▶ **Requirement**
Your answer must be an exact copy of the listing, with the images left out.

▶ **Record excerpts**
┄┄┄┄┄┄┄┄┄┄┄┄┄┄┄┄┄┄┄┄
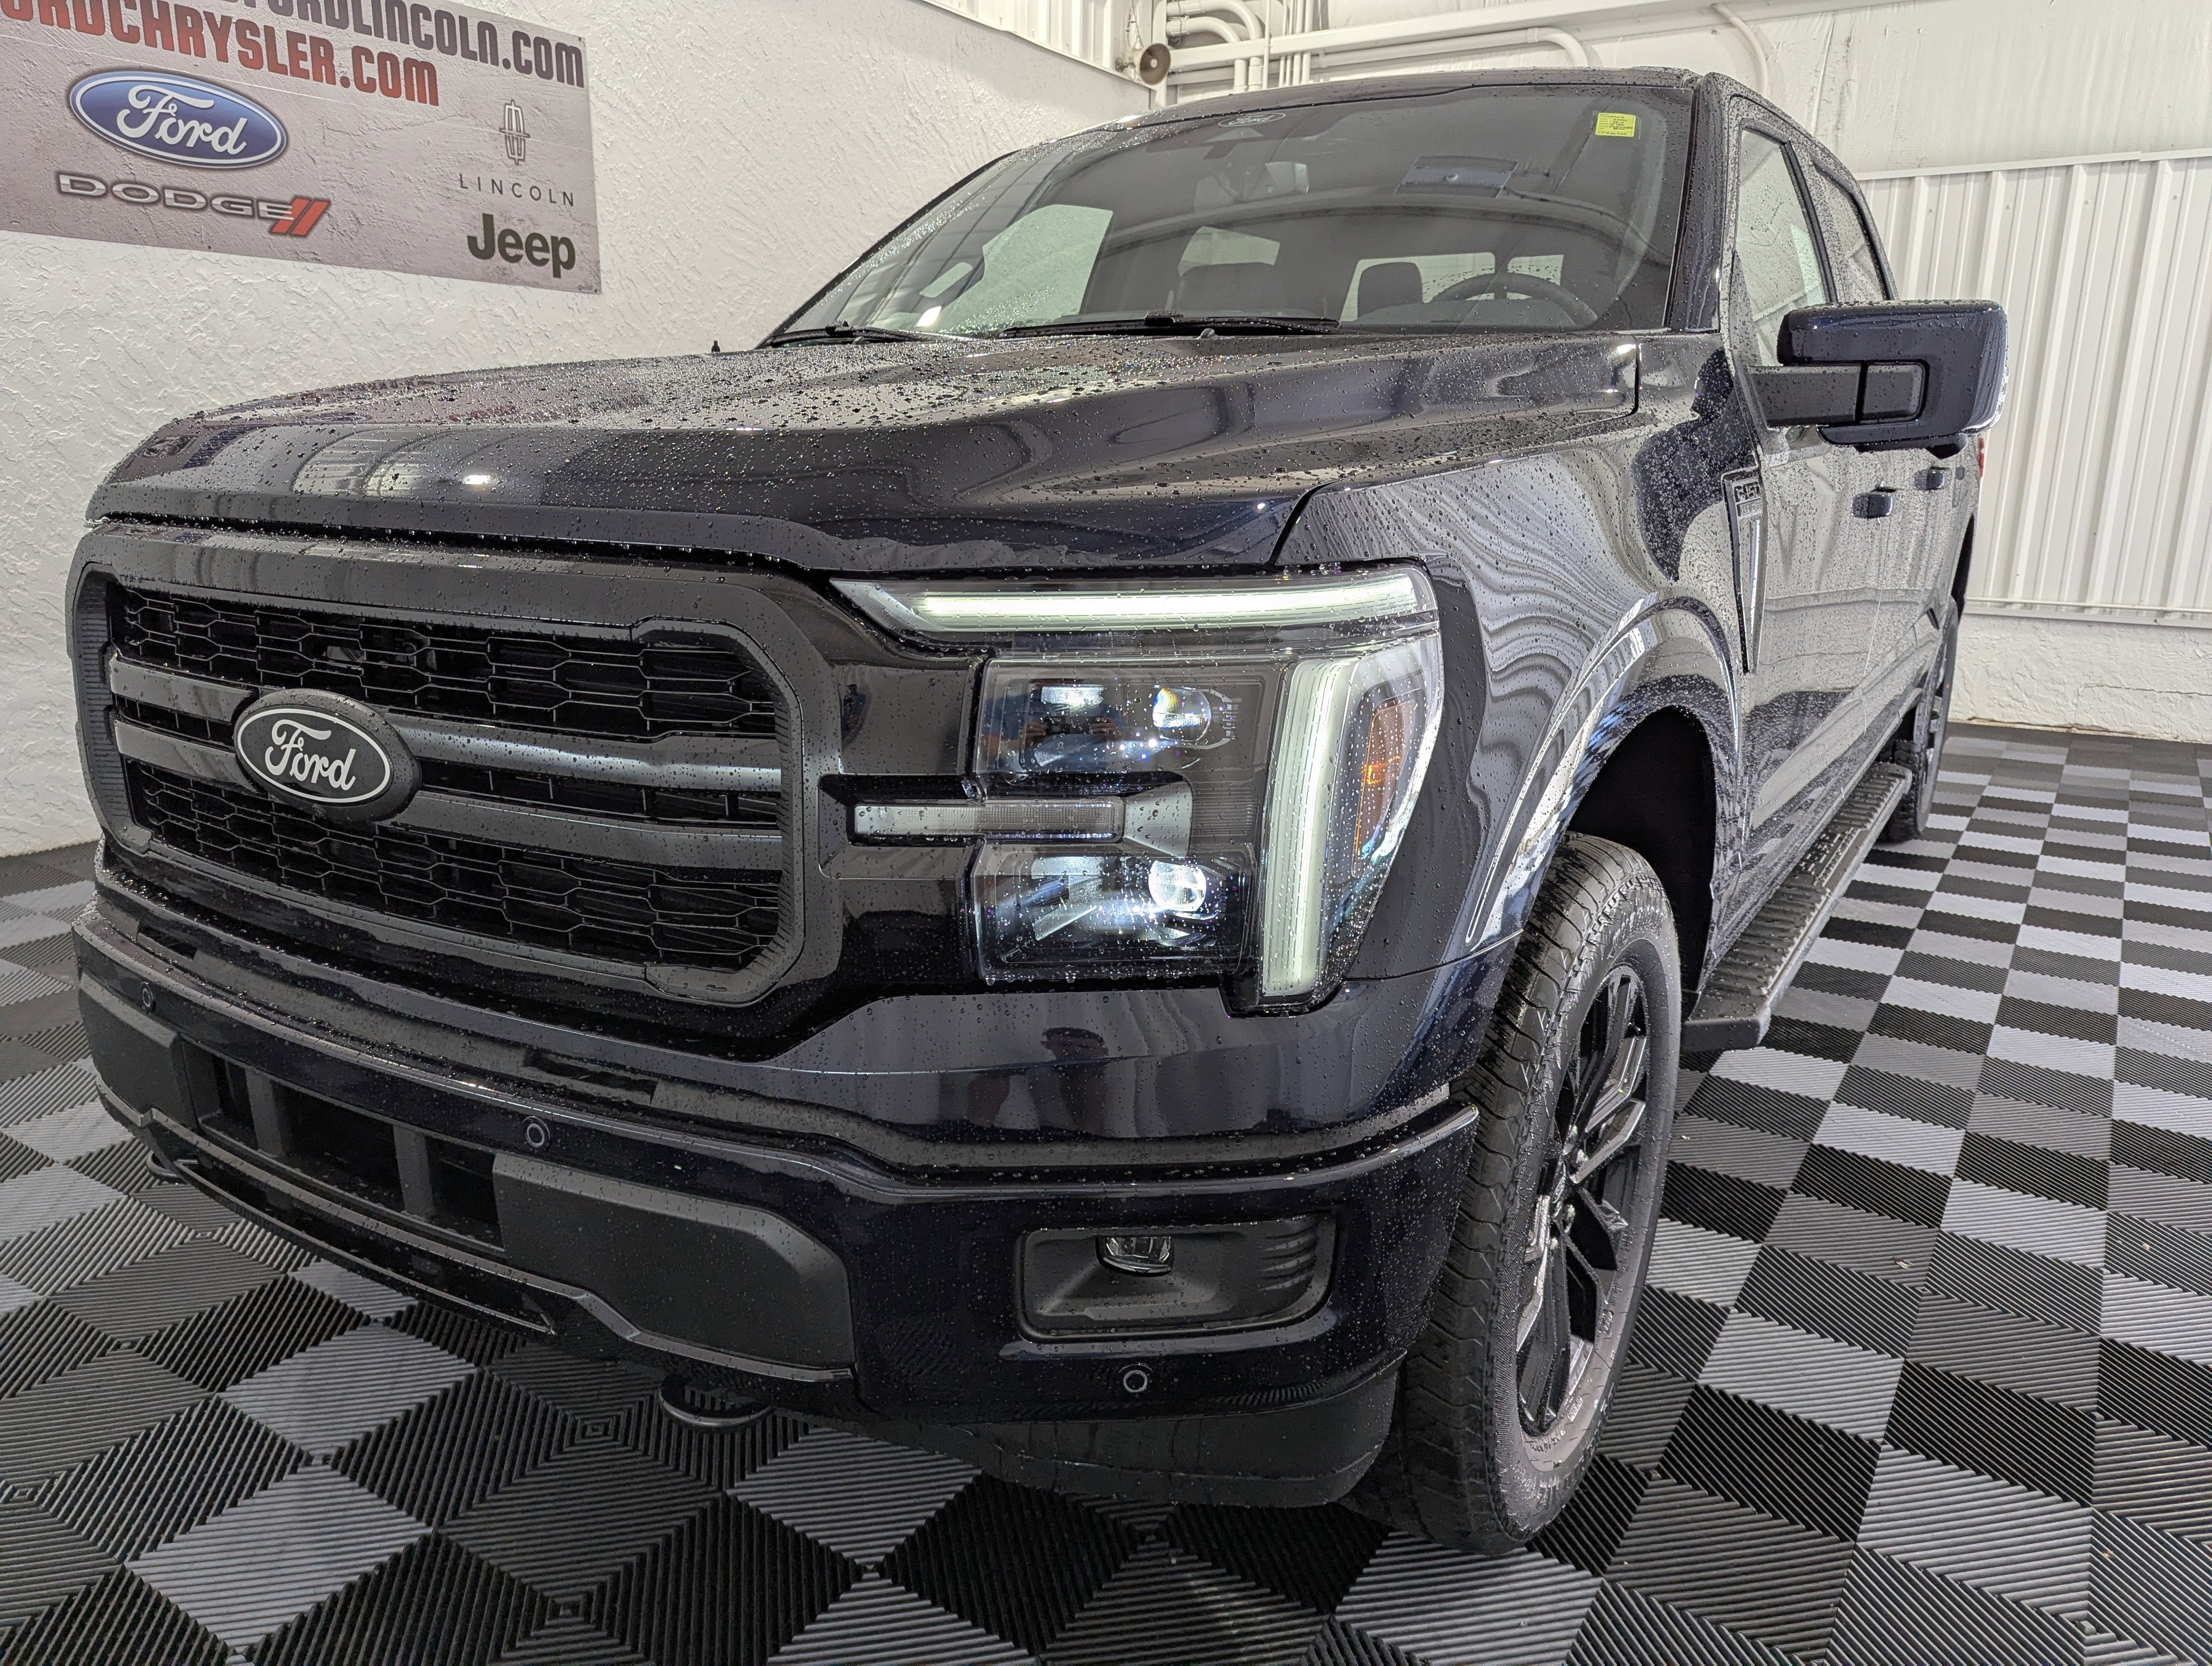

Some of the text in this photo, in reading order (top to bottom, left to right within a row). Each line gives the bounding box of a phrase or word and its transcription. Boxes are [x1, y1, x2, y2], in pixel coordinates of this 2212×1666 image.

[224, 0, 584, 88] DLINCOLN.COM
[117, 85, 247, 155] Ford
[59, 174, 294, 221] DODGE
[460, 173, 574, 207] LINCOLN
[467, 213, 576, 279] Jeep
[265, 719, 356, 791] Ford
┄┄┄┄┄┄┄┄┄┄┄┄┄┄┄┄┄┄┄┄
▶ **Task solution**
Some of the text in this photo, in reading order (top to bottom, left to right within a row). Each line gives the bounding box of a phrase or word and its transcription. Boxes are [x1, y1, x2, y2], in pixel coordinates of this 2212×1666 image.

[224, 0, 584, 88] DLINCOLN.COM
[117, 85, 247, 155] Ford
[59, 174, 294, 221] DODGE
[460, 173, 574, 207] LINCOLN
[467, 213, 576, 279] Jeep
[265, 719, 356, 791] Ford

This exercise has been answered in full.